The glare of the sun makes more sweat emerge from my brow. As it drips into my eyes, the sting of the salt almost drives me to raise my hand and wipe it off. I catch myself in time to keep myself steady. This is not the time to worry about trivial pain. I’m hanging at the side of a cliff, getting a sample of the obsidian that I need to take to my laboratory. If I let go, I’ll fall and there is nothing fun about that.
The obsidian that I am here to take has been here since a group of wizards decided they knew better than every witch alive. The witches told them it was impossible for them to produce the obsidian. But the wizards decided they knew better. They used an ancient spell that was supposed to create the rock. But this spell could only work if you have a connection to the earth. Which wizards don’t have because their connection to the energy is centered on intention.
The spell relies on the knowledge of the spell caster to transform a common rock into obsidian. Since the knowledge the wizard had was superficial they couldn’t use the spell. The rock they produced was a facsimile of the authentic thing. At first, it seemed identical, but once you opened only the outside had changed.
They spent all that time and materials for nothing. The council’s witches told them that only specialized witches could use it. But they refused to listen. Terra witches are the only ones able to cast it because of their connection to the earth.
It wasn’t about scientific knowledge. Terra witches have this affinity that gives them instinct knowledge of everything that comes from the earth. That is why the council uses them to know when and where earthquakes can happen. They are the reason there weren’t any major disasters in our written history. Because their connection guided them.
The wizards didn’t care about any of that. They were angry at the recent rules the council had imposed and since obsidian was such a valuable commodity; they tried it anyway. If they had produced obsidian they would have been able to sell it. Becoming a corporation would have been the next step. And with time they would have enough power to strong-arm the decisions of the council.
At least that is what history tells us. This all happened a century ago when the recent rules were approved.
A few years after the wizard failure when the company that I work for, Montelch Enterprises, came to clean up the mess they left, they discovered a large deposit of obsidian. The irony could not be clearer.

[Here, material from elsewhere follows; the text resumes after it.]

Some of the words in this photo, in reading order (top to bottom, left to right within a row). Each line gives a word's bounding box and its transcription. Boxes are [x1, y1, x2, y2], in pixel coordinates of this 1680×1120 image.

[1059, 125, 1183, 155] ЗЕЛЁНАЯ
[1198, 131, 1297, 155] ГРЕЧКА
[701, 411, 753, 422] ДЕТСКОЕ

That is why my job is to come here and take a sample of every pocket of obsidian on the query. Take it to the lab and see which one is real. Only then can the diggers come to excavate.
Sometimes I wished those wizards had worked the spell correctly. Then I wouldn’t be hanging on the side of a cliff collecting samples. It wasn’t so much the hanging that I minded. It was the fact that I had to work and not just enjoy the surrounding view.
I secure my safety rope on my belt, reaching for my hammer as I pick at the rock with care so I can take a sample. There is only one more sample for me to collect, then I can go home. My mother doesn’t like it when I’m late for dinner.
Concentrating on the task at hand, I take my sample and secure it to my bag. I climb a few feet to the last one I have to take.
When I am zipping my bag a gust of wind comes out of nowhere. The gale is so strong that it lifts me off the cliff and I lose my foothold.
The fall seems endless. I feel my heartbeat a mile a minute and I can feel sweat break out of my skin. I flail my arms, trying to find purchase anywhere, but I only get scratched for my efforts. The adrenaline is kicking my brain into overdrive but instead of being focused panic sets and logic disappears.
Focus!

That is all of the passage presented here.